While there appears to have been little public discussion of the process by which default would be averted, it is actually not complicated. First, all maturing Treasury bonds would be rolled over (refinanced) into new bonds, as is currently the practice with all maturing Treasury securities. Refinancing the principal amount of maturing obligations does not impact the par amount of bonds outstanding subject to the debt ceiling, it simply replaces old maturing bonds with new bonds on a dollar for dollar basis. Second, unlike current practice, interest due on such obligations would have to be paid from resources other than the issuance of new bonds. Whether through Federal Reserve credits—effectively the creation of new money—or the utilization of tax receipts flowing into the Treasury, the approximately $15 billion per month of interest payable on outstanding Treasury obligations—a relative pittance—would be prioritized over other uses of funds, as both common sense and the 14th Amendment would dictate.

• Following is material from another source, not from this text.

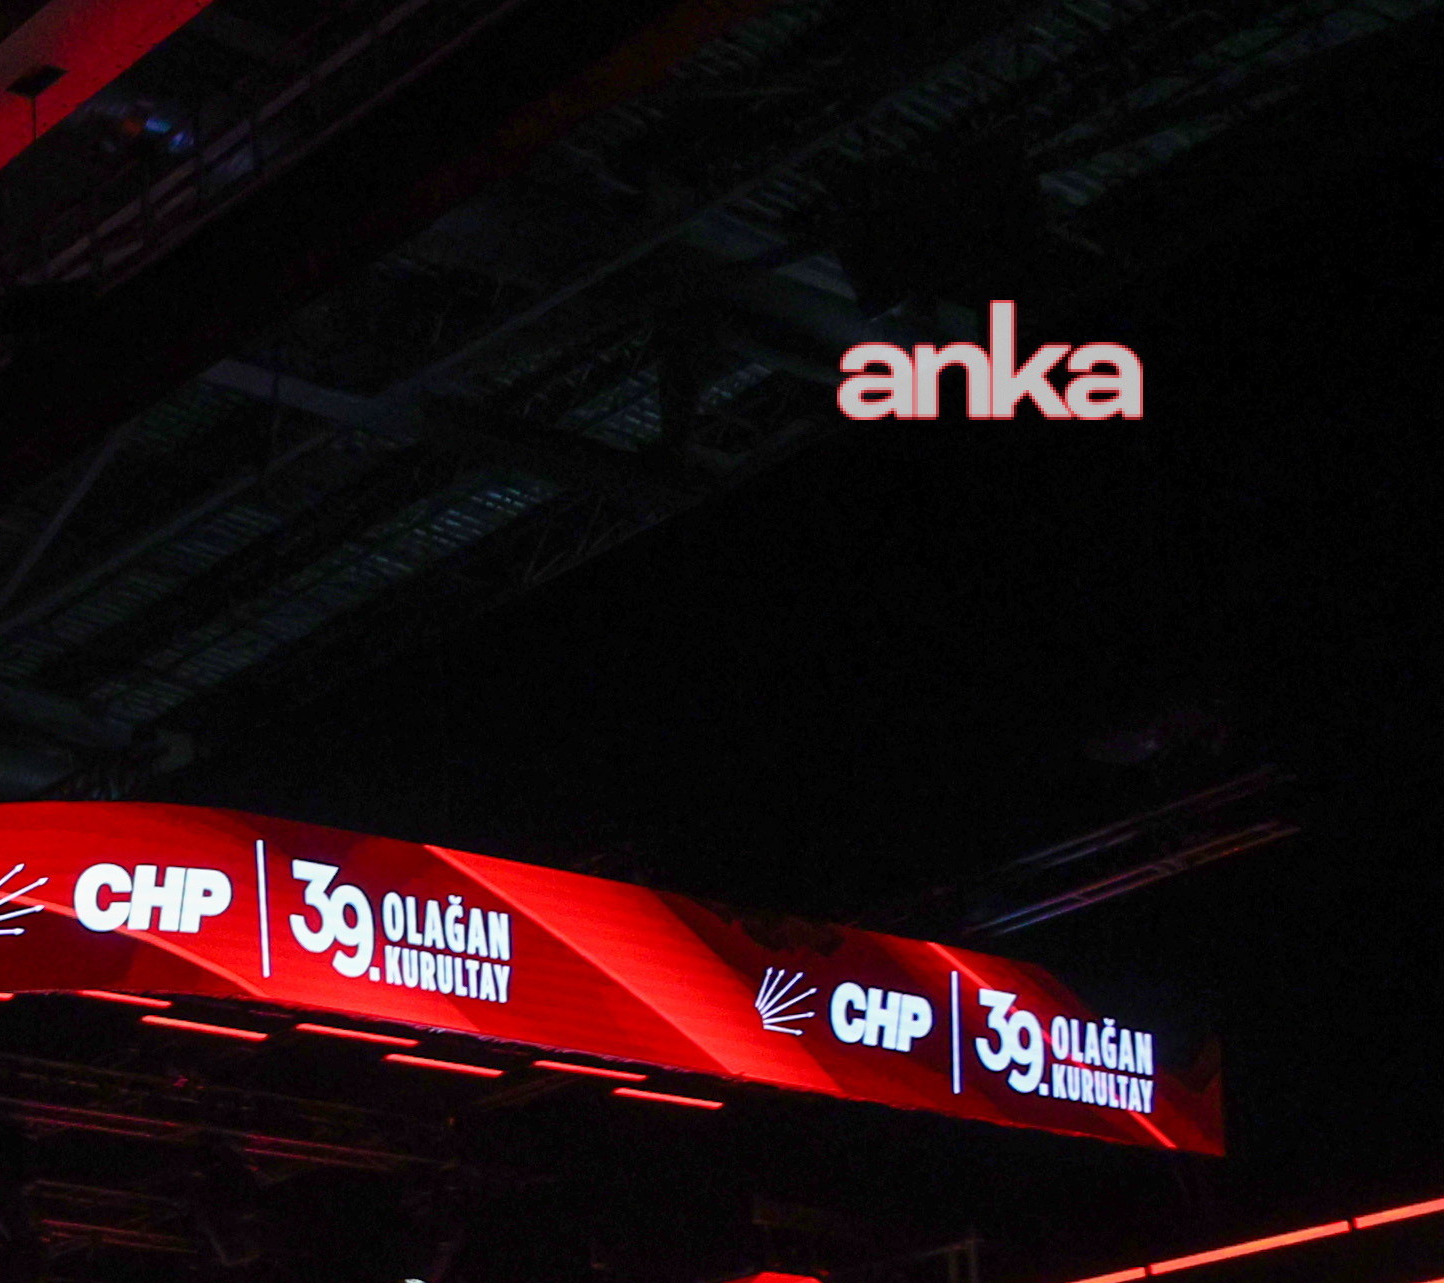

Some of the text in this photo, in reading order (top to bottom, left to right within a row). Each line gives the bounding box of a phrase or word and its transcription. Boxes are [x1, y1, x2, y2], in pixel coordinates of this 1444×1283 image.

Two months ago, Tim Geithner made clear that the default argument was a ruse.

I think there are some people who are pretending not to understand it, who think there's leverage for them in threatening a default. I don't understand it as a negotiating position

Ironically, notwithstanding Geithner's assertion that there would not be a circumstance leading to a default, and lack of any risk premium priced into U.S. securities in the Treasury bond or credit default swap markets, for the past two months the debate over the debt ceiling has continued under the specific pretense—the leverage suggested by the fear of default—that Geithner dismisses.

Default has not been at issue in the current debacle in Washington, DC. Rather, it is the fear of default that has been used so effectively as the hammer by the so-called "adults" in the political establishment. Why the language of default risk persists is itself an interesting question, as a bi-partisan spectrum of Congressional leaders and pundits continue to push the default crisis paradigm. More curious still is why it continues to hold sway.

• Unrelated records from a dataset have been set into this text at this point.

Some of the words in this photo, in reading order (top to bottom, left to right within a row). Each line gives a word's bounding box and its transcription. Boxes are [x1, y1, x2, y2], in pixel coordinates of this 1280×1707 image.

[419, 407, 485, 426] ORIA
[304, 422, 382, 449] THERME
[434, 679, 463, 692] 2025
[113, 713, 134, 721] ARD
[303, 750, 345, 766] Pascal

This week, that leverage was brought to bear in full force on the radical members of the House Republican caucus, as those House members finally cow-towed to their elders. Just at the moment of their greatest power, the recalcitrant House members were brought to heel by the John McCains and Mitch McConnells who knew well that a rapid deceleration of federal spending would hurt Republican constituencies as well as Democrat, and who had much to fear of a failure to raise the spending cap. If the House radicals had held firm for one more week—and no default transpired—the Washington debate would have been turned on its head. Instead of raising the debt ceiling to resolve a purported crisis, in such a post-August 2nd world with no threats of default and bond market calamities, raising the debt ceiling would only be done once there was explicit agreement on what actually spending warranted incurring new debt.

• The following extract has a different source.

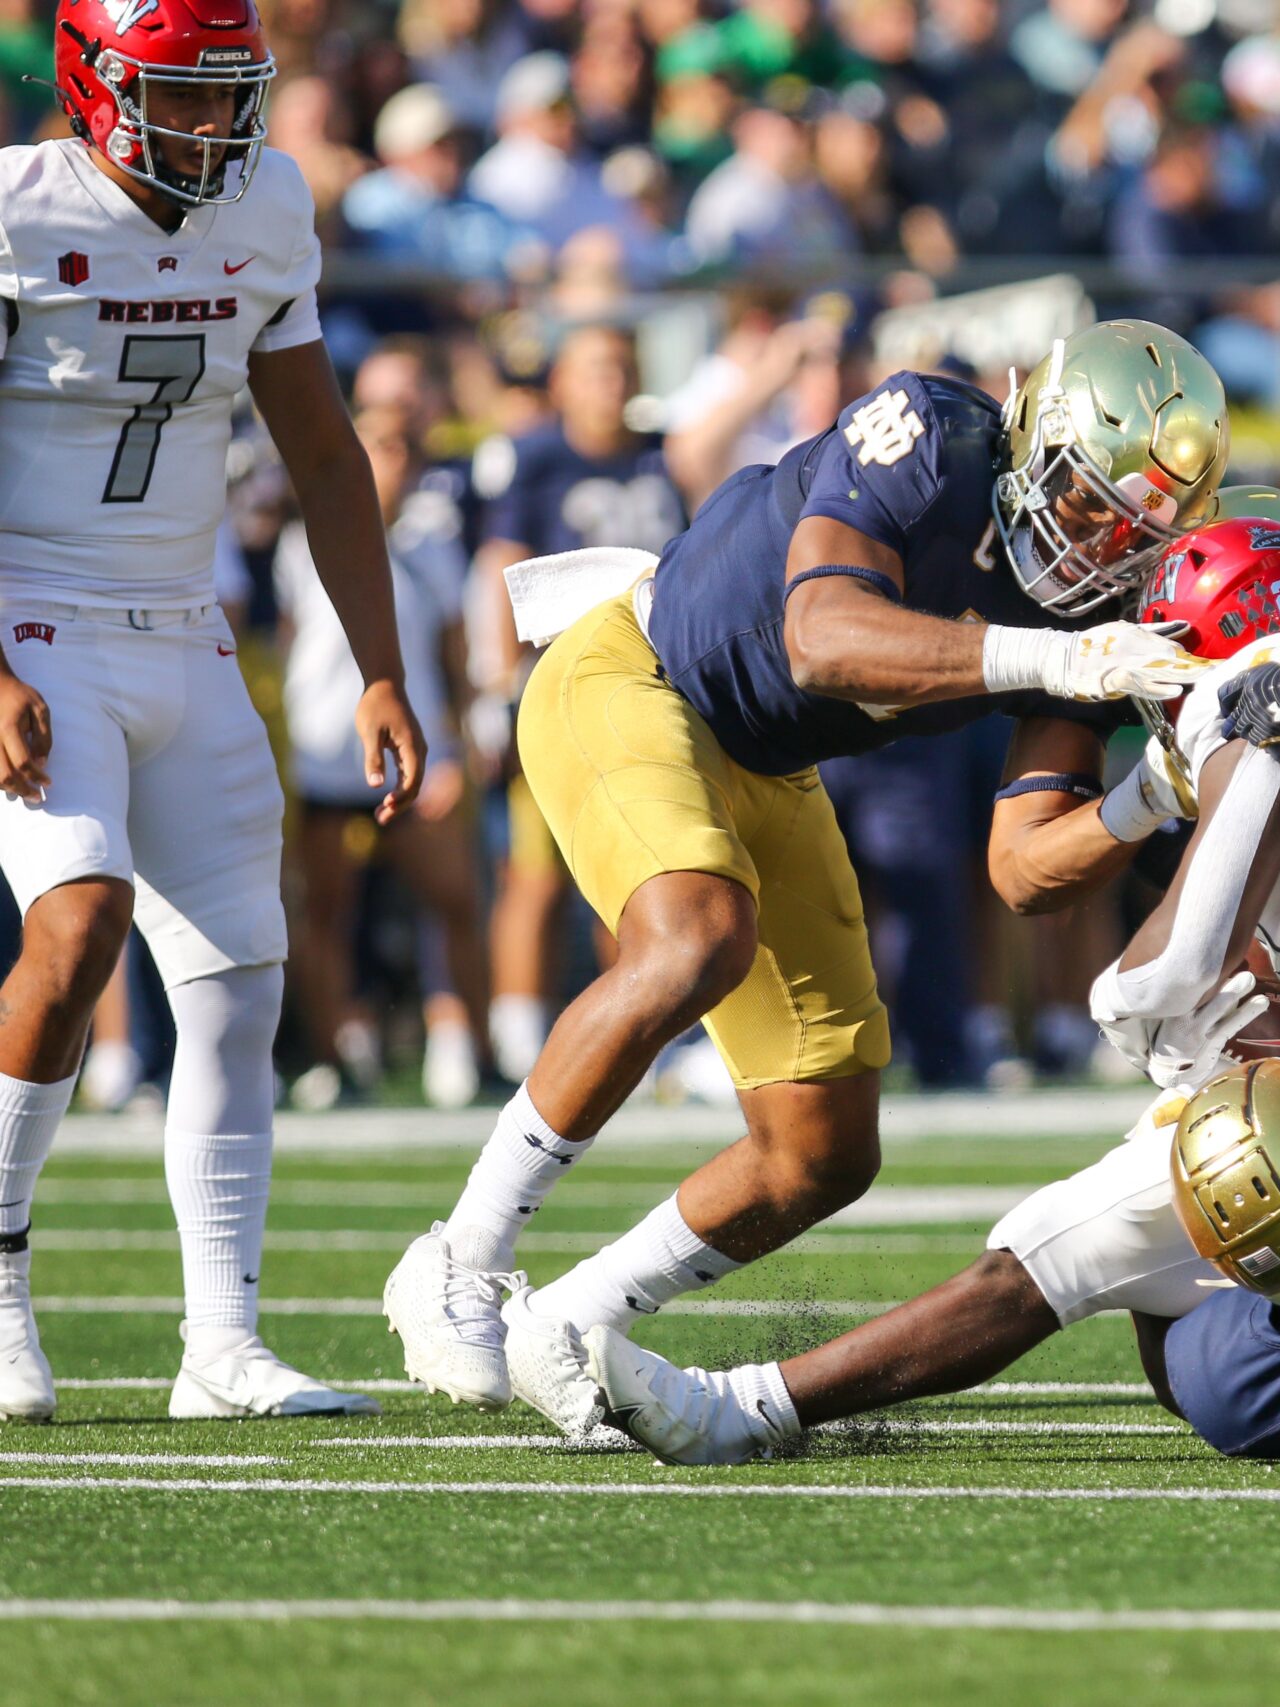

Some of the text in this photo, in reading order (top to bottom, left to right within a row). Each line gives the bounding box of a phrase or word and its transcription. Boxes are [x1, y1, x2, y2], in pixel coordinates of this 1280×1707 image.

[206, 52, 251, 61] REBELS
[98, 297, 238, 323] REBELS
[101, 333, 206, 503] 7
[843, 389, 926, 468] ND

In such a post-August 2nd world—where no default had occurred—the debate would return to a debate on spending—which has always been the central issue. But in that new world, the debt ceiling would remain in place, effectively forcing a balancing of revenues and outlays unless the votes could be cobbled together to specifically authorize new debt.

And what an odd world that would be—and we already began to see hints of the arguments that would be made: Soldiers in Afghanistan are worried they may not get their paychecks. The first argument for "patriotic" spending. Then it will be the Medicare recipients. Then Medicaid. And the farmers. Mortgage brokers. Defense contractors. Voting blocks. Major contributors.

What would that world look like, when every tax cut, every tax expenditure, every spending program and every military venture was on the table. Each one with a voting block, each one with a constituency, but each one having to be justified in the full light of day: Are we willing to pay for this? Or are we willing to vote to borrow money for this?

That is the world no one wants to see. And when the House radicals wake up on Wednesday, and see the rare opportunity that passed them by—and that it was their own leadership that sold them out—there should be hell to pay.